*** DATASET EXTRACT Section Begins ***

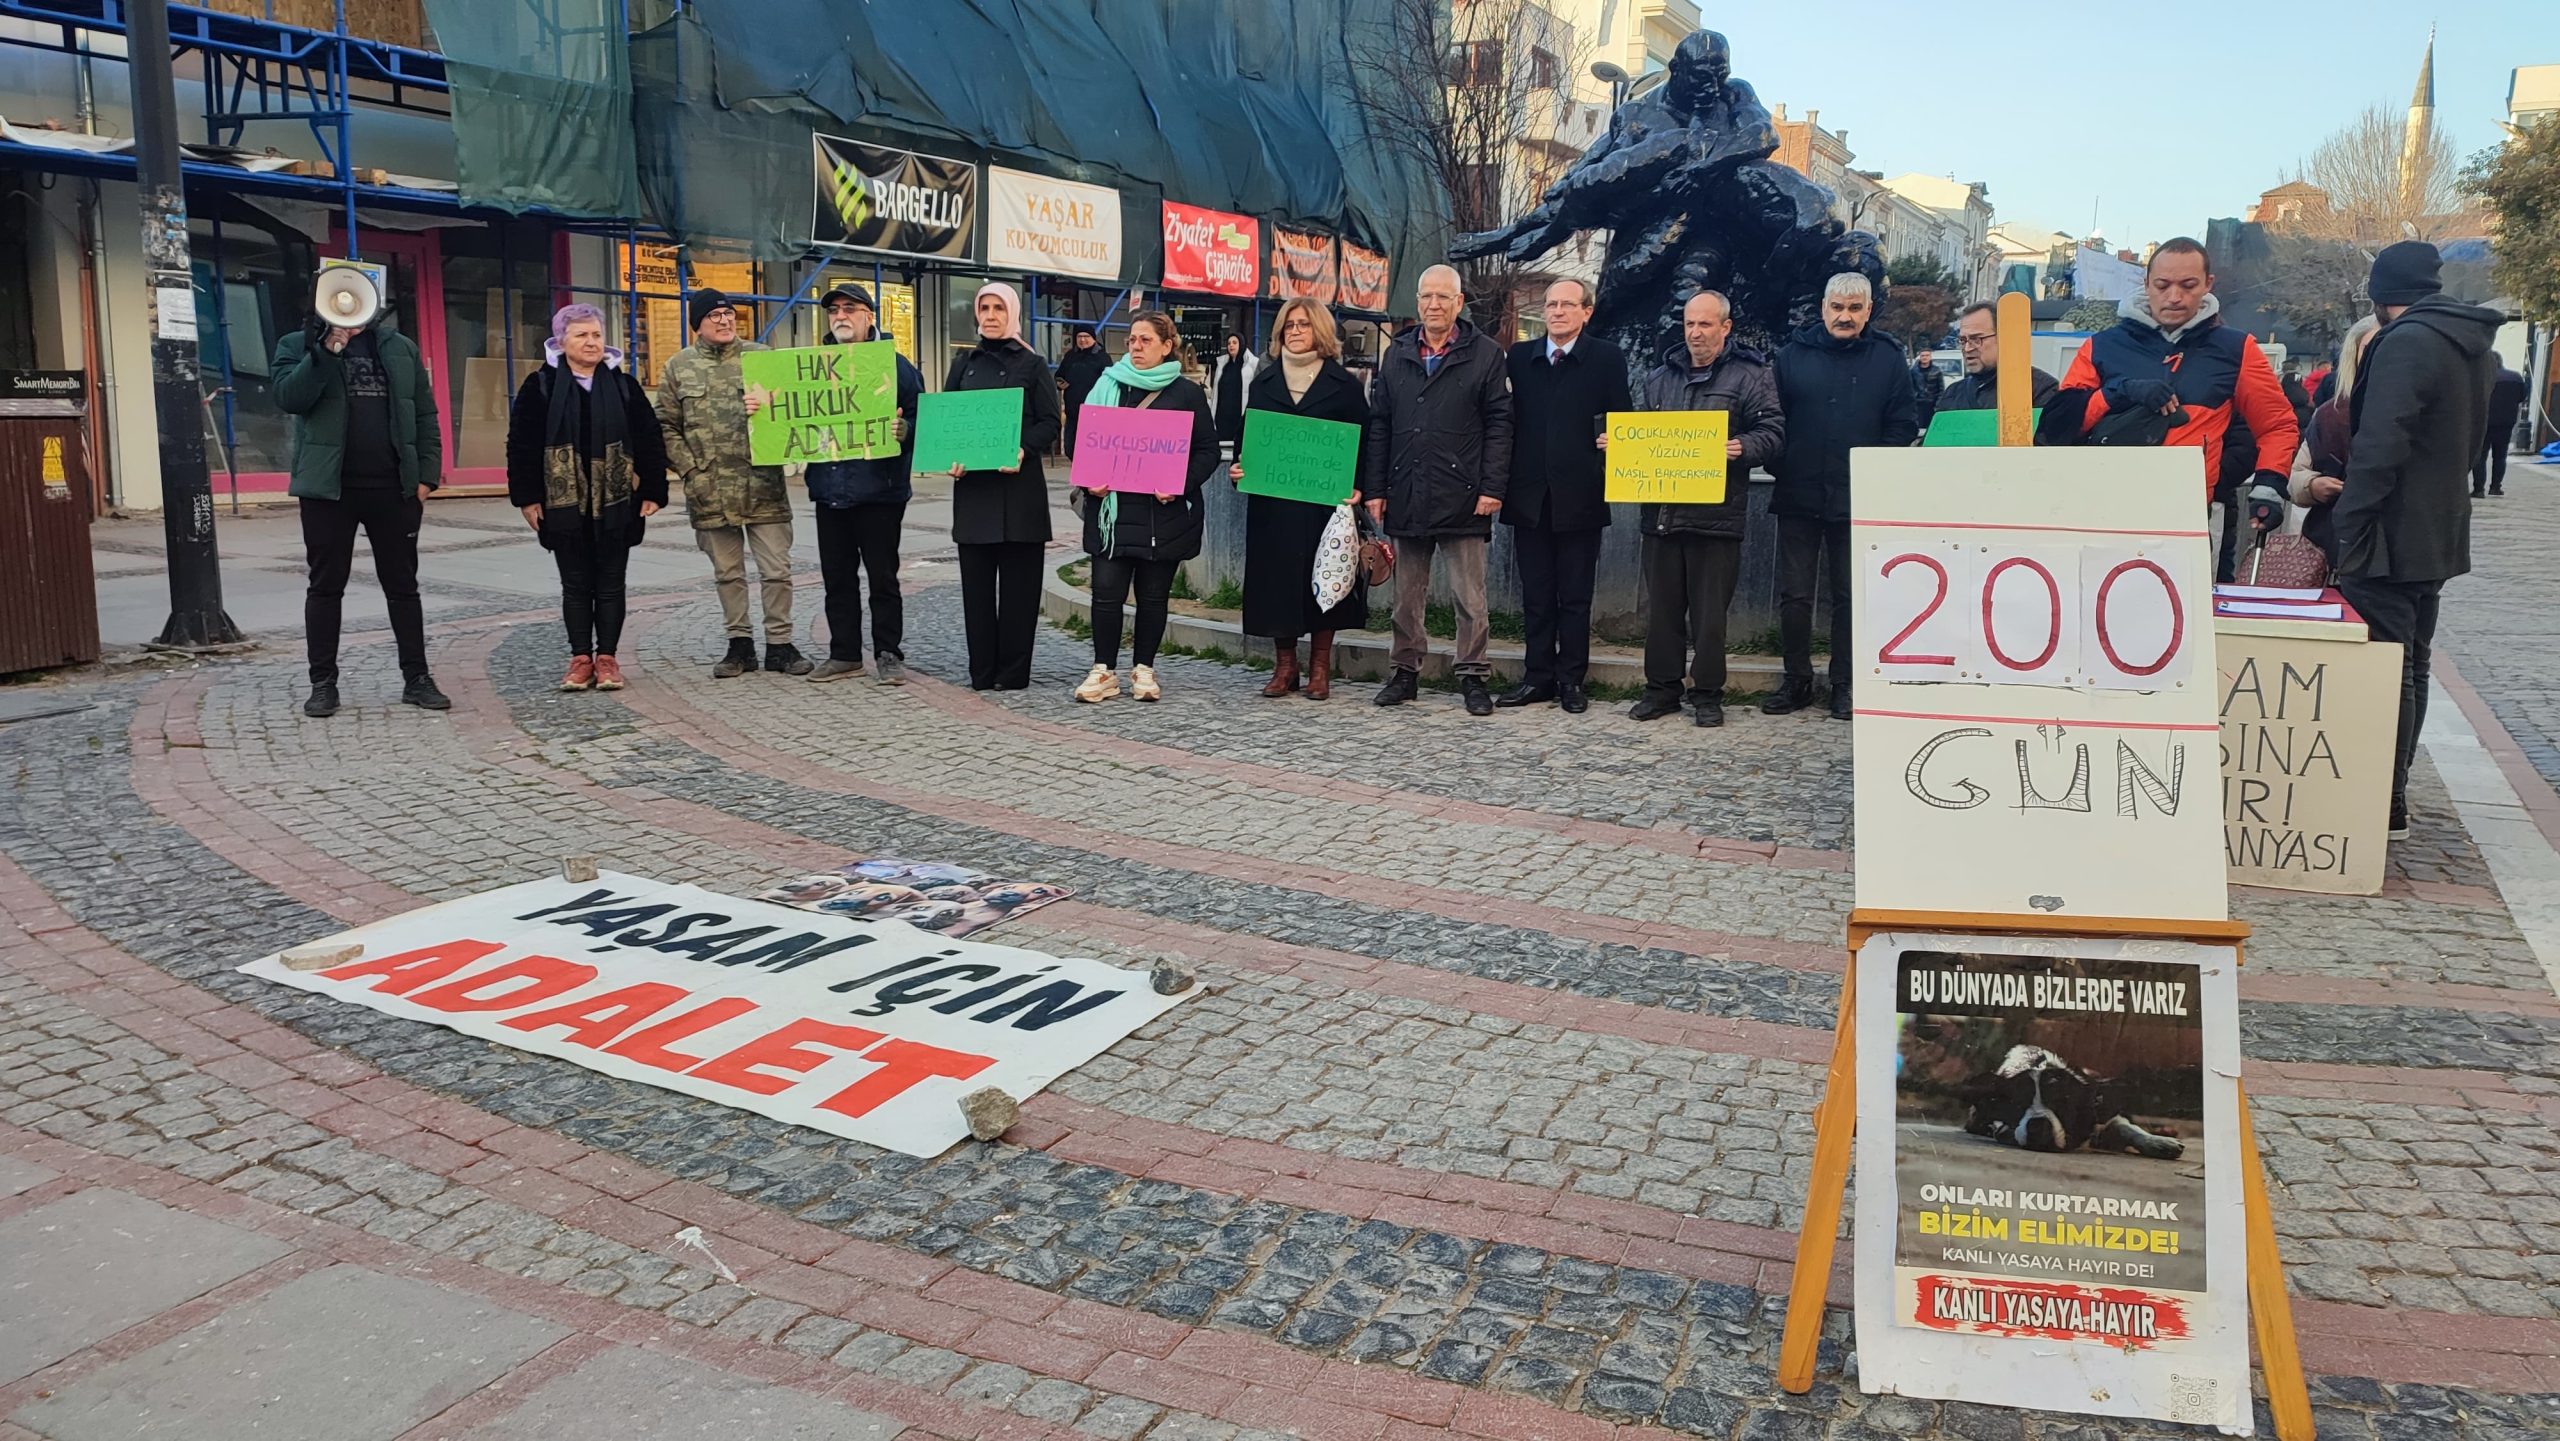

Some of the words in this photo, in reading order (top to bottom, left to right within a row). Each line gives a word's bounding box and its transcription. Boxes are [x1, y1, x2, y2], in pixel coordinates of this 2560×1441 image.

[873, 179, 963, 229] BARGELLO
[1025, 192, 1095, 231] YAŞAR
[1006, 228, 1109, 262] KUYUMCULUK
[1165, 212, 1215, 252] Ziyafet
[1205, 251, 1253, 287] Çiğköfte
[796, 353, 844, 381] HAK
[769, 384, 862, 422] HUKUK
[783, 415, 891, 459] ADALET
[1648, 443, 1701, 458] YÜZÜNE
[1878, 552, 2185, 676] 200
[1904, 717, 2185, 820] GÜN
[513, 888, 878, 974] YAŞAM
[827, 949, 1128, 1031] İÇİN
[1910, 969, 1935, 1002] BU
[1940, 964, 2029, 1008] DÜNYADA
[2033, 967, 2126, 1013] BİZLERDE
[2129, 979, 2188, 1016] VARIZ
[314, 938, 1001, 1119] ADALET
[1920, 1184, 2013, 1209] ONLARI
[2019, 1191, 2179, 1221] KURTARMAK
[1919, 1205, 2008, 1241] BİZİM
[2018, 1215, 2179, 1255] ELİMİZDE!
[1942, 1247, 1994, 1265] KANLI
[1997, 1252, 2064, 1272] YASAYA
[2068, 1258, 2121, 1277] HAYIR
[2125, 1263, 2155, 1279] DE!
[1933, 1286, 1998, 1324] KANLI
[2003, 1292, 2085, 1332] YASAYA
[2089, 1301, 2158, 1339] HAYIR
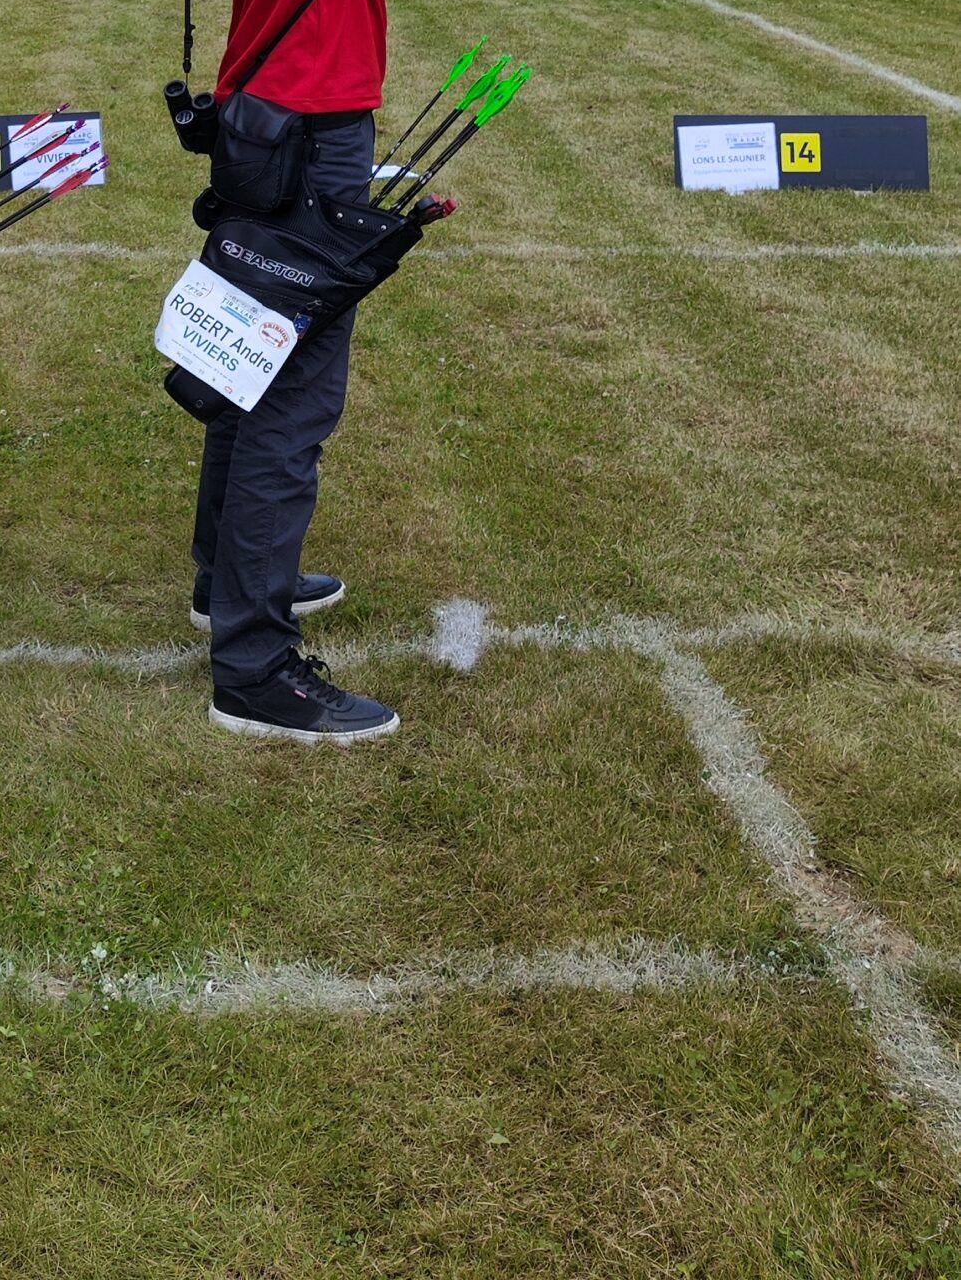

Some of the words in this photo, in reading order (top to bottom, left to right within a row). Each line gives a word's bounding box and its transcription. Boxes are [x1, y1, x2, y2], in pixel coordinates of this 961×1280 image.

[692, 156, 715, 165] LONS
[717, 155, 726, 163] LE
[728, 154, 766, 163] SAUNIER
[786, 141, 815, 163] 14
[240, 249, 315, 287] EASTON
[169, 294, 233, 341] ROBERT
[229, 337, 273, 374] Andre
[183, 326, 239, 371] VIVIERS
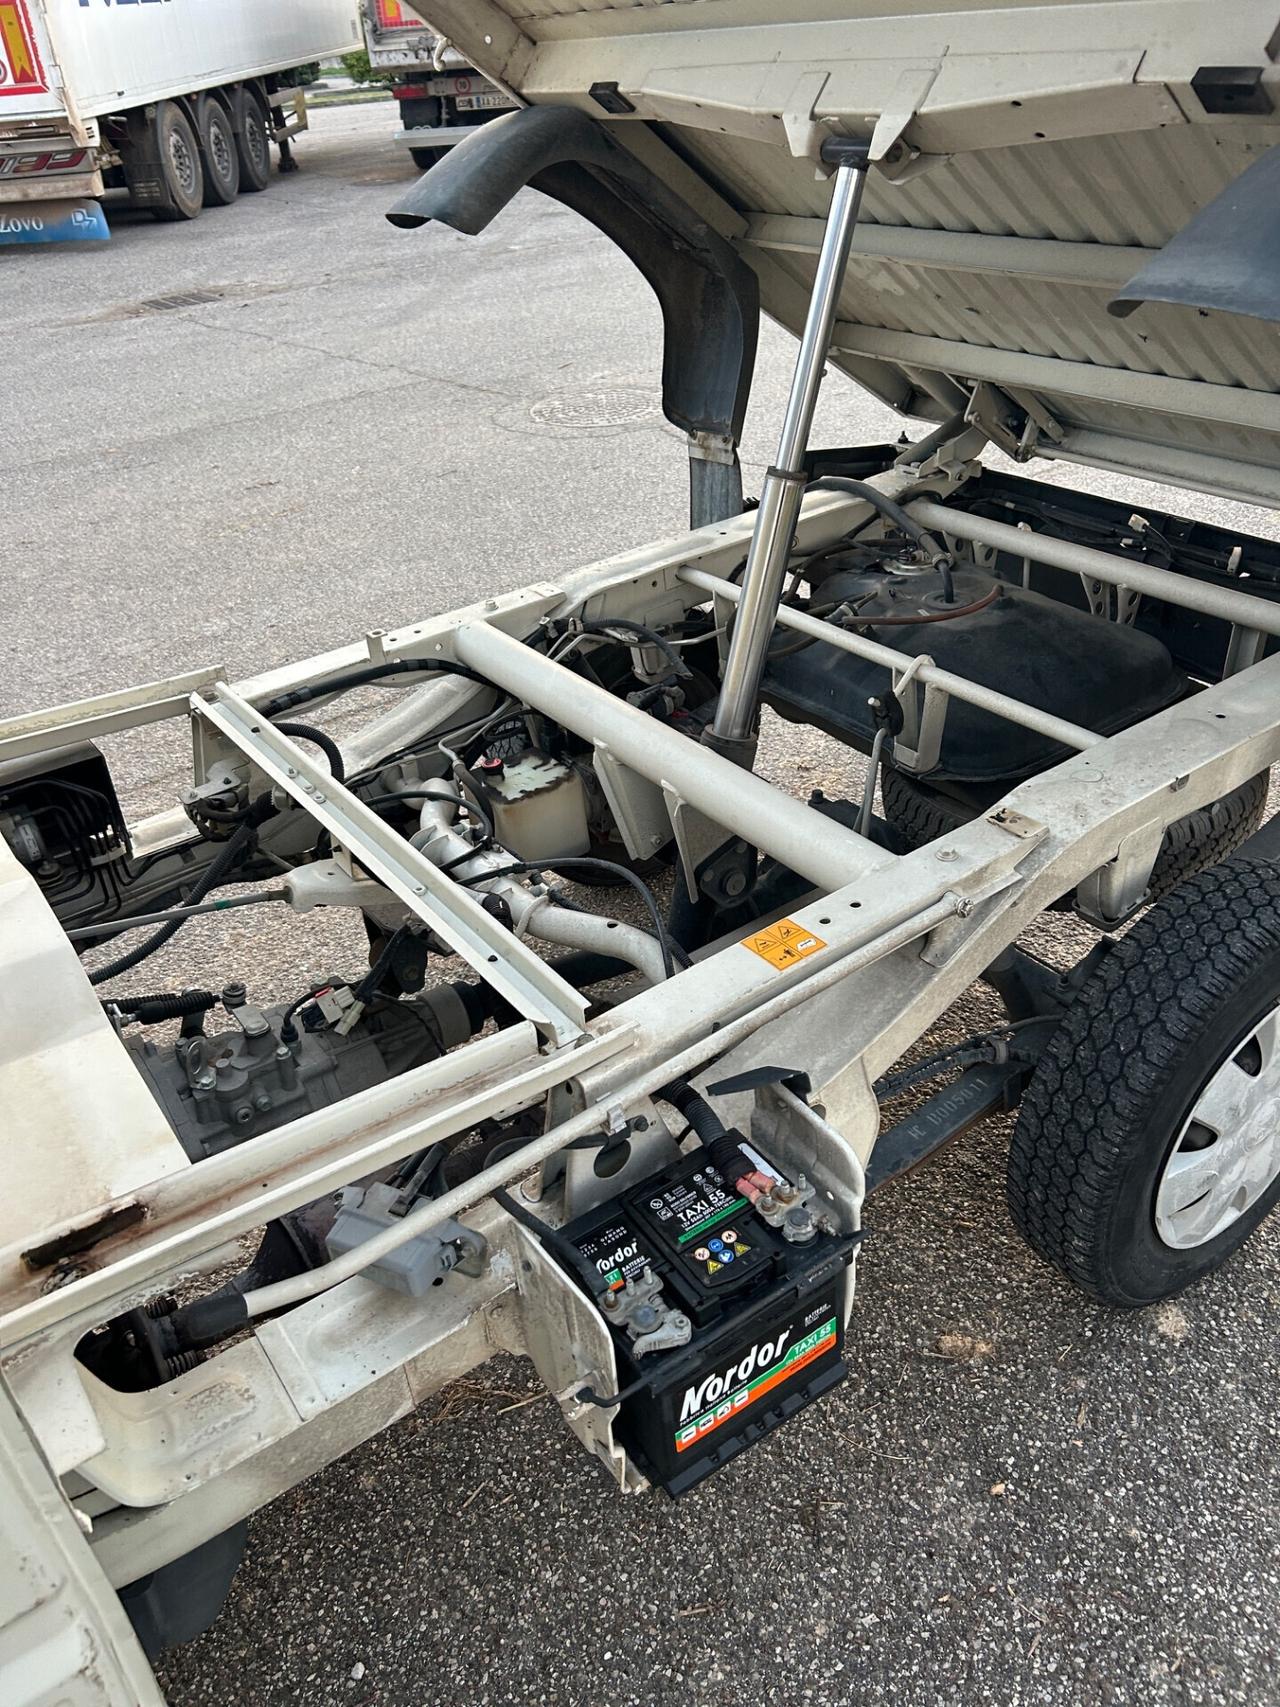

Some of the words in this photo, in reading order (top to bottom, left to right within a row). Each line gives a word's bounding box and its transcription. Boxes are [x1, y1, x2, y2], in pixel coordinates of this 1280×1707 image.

[677, 1200, 710, 1222] TAXI
[708, 1189, 726, 1204] 55
[622, 1255, 646, 1273] BATTERIE
[795, 1333, 817, 1354] TAXI
[819, 1324, 832, 1338] 55
[679, 1330, 790, 1422] Nordor

*** DATASET EXTRACT Section Ends ***

Copy out exactly the lines that run from the one holding "this 1280×1707 image." through the end of the data above.

> [EXERCISE RESULT]
Some of the words in this photo, in reading order (top to bottom, left to right within a row). Each line gives a word's bounding box and its transcription. Boxes are [x1, y1, x2, y2], in pixel coordinates of this 1280×1707 image.

[677, 1200, 710, 1222] TAXI
[708, 1189, 726, 1204] 55
[622, 1255, 646, 1273] BATTERIE
[795, 1333, 817, 1354] TAXI
[819, 1324, 832, 1338] 55
[679, 1330, 790, 1422] Nordor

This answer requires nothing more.